ASSIGNMENT:
Repeat each entry as written and leave the images out of the copy.

DATASET RECORDS:
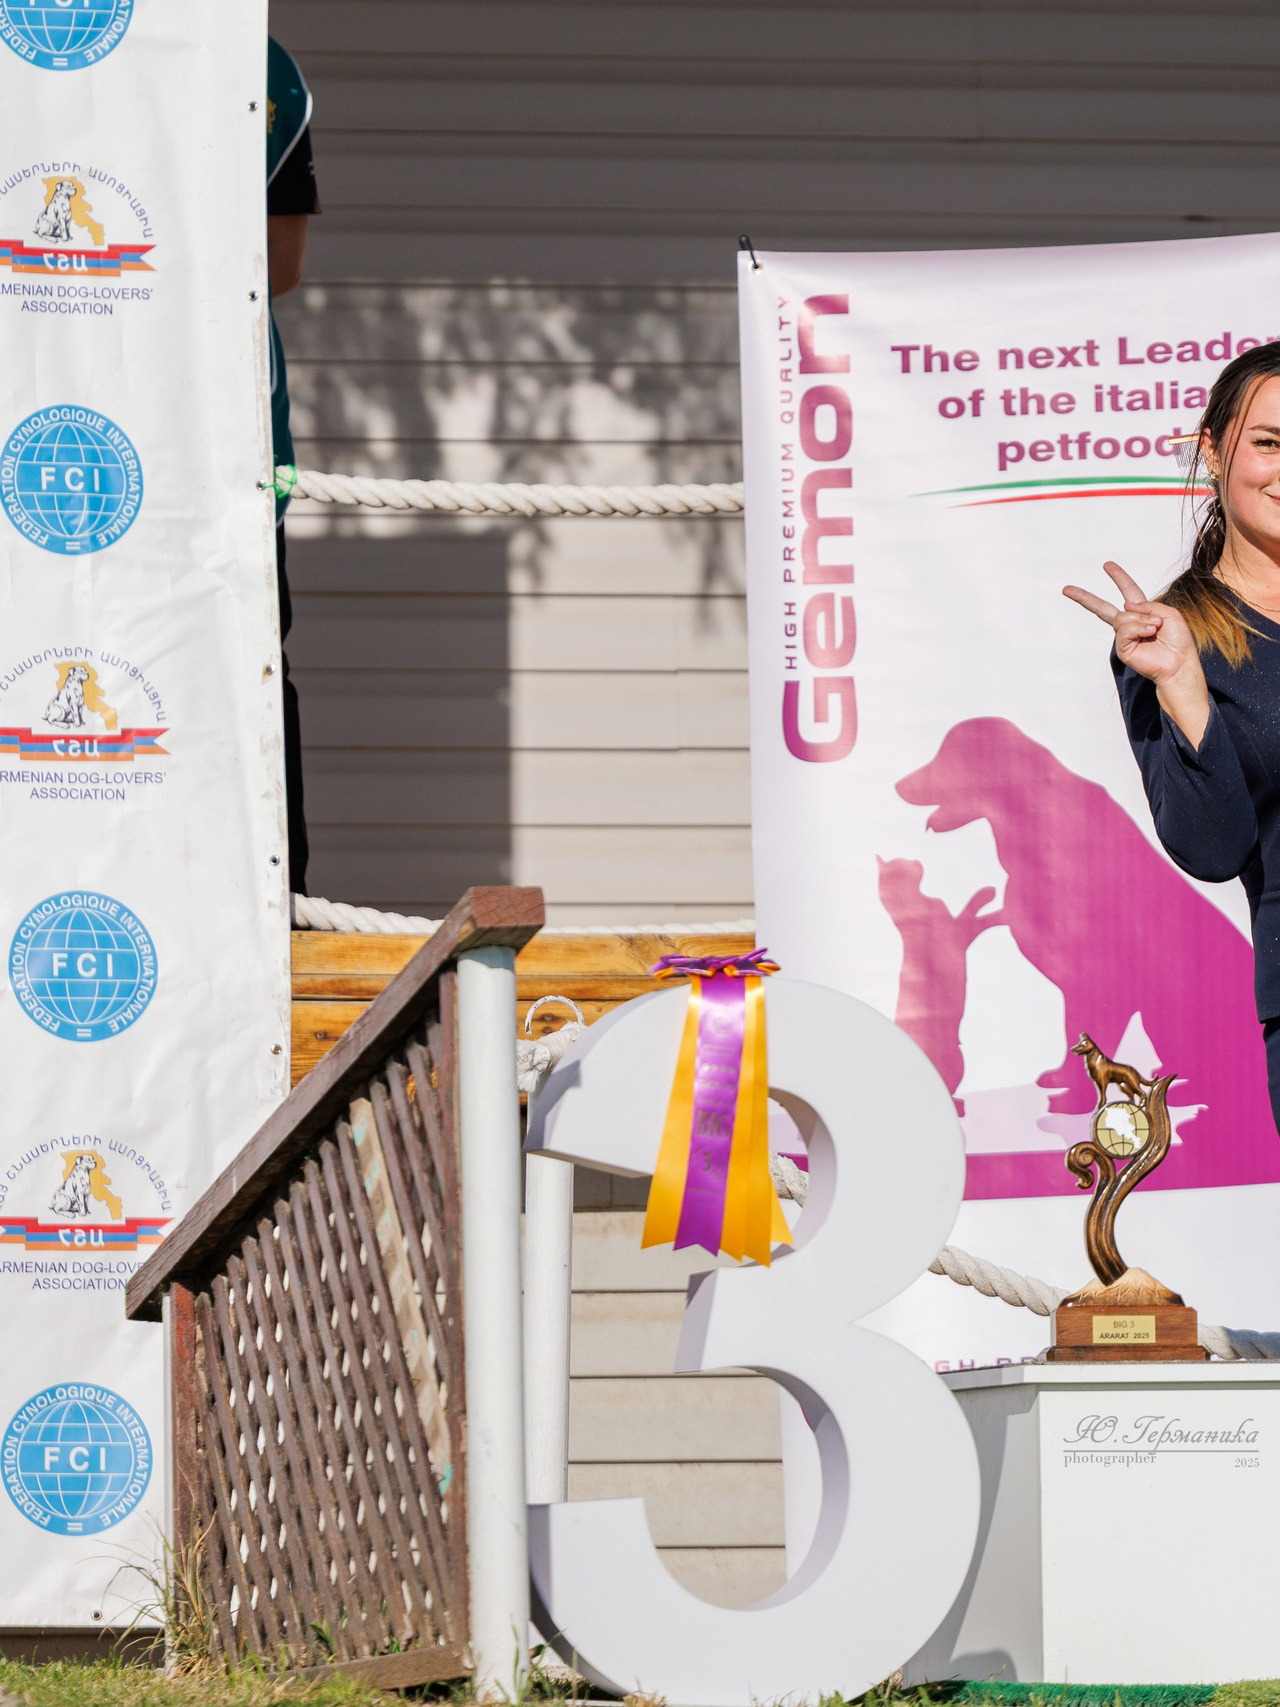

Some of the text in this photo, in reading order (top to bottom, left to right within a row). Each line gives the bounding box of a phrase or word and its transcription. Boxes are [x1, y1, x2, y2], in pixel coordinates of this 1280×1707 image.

[0, 162, 81, 195] ՆԱՍԵՐՆԵՐԻ
[0, 283, 53, 297] MENIAN
[21, 300, 113, 315] ASSOCIATION
[891, 344, 980, 374] The
[999, 339, 1100, 371] next
[938, 387, 984, 419] of
[1000, 385, 1076, 416] the
[998, 427, 1183, 471] petfood
[2, 408, 141, 546] FEDERATION CYNOLOGIQUE INTERNATIONALE
[41, 467, 99, 492] FCI
[778, 296, 797, 670] HIGH PREMIUM QUALITY
[782, 293, 857, 763] Gemon
[30, 787, 125, 800] ASSOCIATION
[12, 894, 154, 1033] FEDERATION CYNOLOGIQUE INTERNATIONALE
[52, 952, 113, 977] FCI
[696, 1109, 730, 1139] BIG
[701, 1153, 712, 1172] 3
[0, 1261, 67, 1273] RMENIAN
[32, 1278, 128, 1290] ASSOCIATION
[1099, 1332, 1150, 1340] ARARAT 2025
[1113, 1320, 1136, 1329] BIG 3
[527, 977, 981, 1704] 3
[4, 1385, 149, 1527] FEDERATION CYNOLOGIQUE INTERNATIONALE
[44, 1446, 106, 1472] FCI
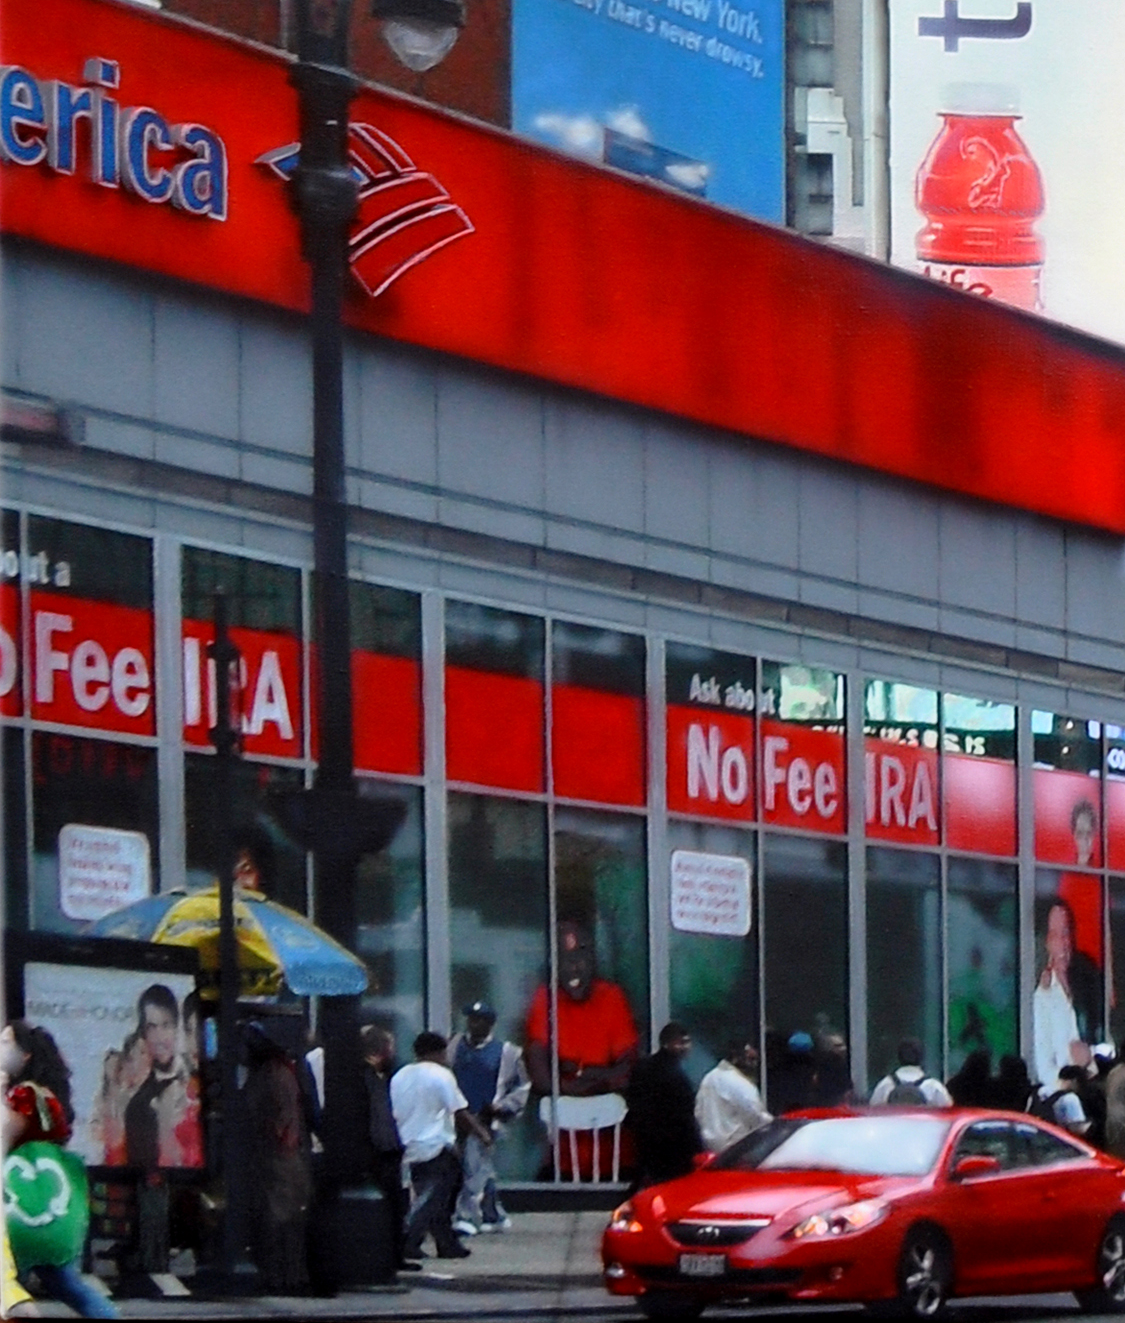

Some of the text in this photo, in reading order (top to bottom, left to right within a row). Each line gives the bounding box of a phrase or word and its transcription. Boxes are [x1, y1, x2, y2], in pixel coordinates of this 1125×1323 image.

[659, 20, 704, 53] never
[54, 560, 71, 587] a
[35, 610, 150, 717] Fee
[689, 672, 721, 706] Ask
[687, 724, 939, 832] No Fee IRA

EXPECTED ANSWER:
Some of the text in this photo, in reading order (top to bottom, left to right within a row). Each line gives the bounding box of a phrase or word and its transcription. Boxes are [x1, y1, x2, y2], in pixel coordinates of this 1280×1707 image.

[0, 162, 81, 195] ՆԱՍԵՐՆԵՐԻ
[0, 283, 53, 297] MENIAN
[21, 300, 113, 315] ASSOCIATION
[891, 344, 980, 374] The
[999, 339, 1100, 371] next
[938, 387, 984, 419] of
[1000, 385, 1076, 416] the
[998, 427, 1183, 471] petfood
[2, 408, 141, 546] FEDERATION CYNOLOGIQUE INTERNATIONALE
[41, 467, 99, 492] FCI
[778, 296, 797, 670] HIGH PREMIUM QUALITY
[782, 293, 857, 763] Gemon
[30, 787, 125, 800] ASSOCIATION
[12, 894, 154, 1033] FEDERATION CYNOLOGIQUE INTERNATIONALE
[52, 952, 113, 977] FCI
[696, 1109, 730, 1139] BIG
[701, 1153, 712, 1172] 3
[0, 1261, 67, 1273] RMENIAN
[32, 1278, 128, 1290] ASSOCIATION
[1099, 1332, 1150, 1340] ARARAT 2025
[1113, 1320, 1136, 1329] BIG 3
[527, 977, 981, 1704] 3
[4, 1385, 149, 1527] FEDERATION CYNOLOGIQUE INTERNATIONALE
[44, 1446, 106, 1472] FCI

Some of the text in this photo, in reading order (top to bottom, left to right within a row). Each line gives the bounding box of a phrase or word and its transcription. Boxes are [x1, y1, x2, y2], in pixel coordinates of this 1125×1323 image.

[659, 20, 704, 53] never
[54, 560, 71, 587] a
[35, 610, 150, 717] Fee
[689, 672, 721, 706] Ask
[687, 724, 939, 832] No Fee IRA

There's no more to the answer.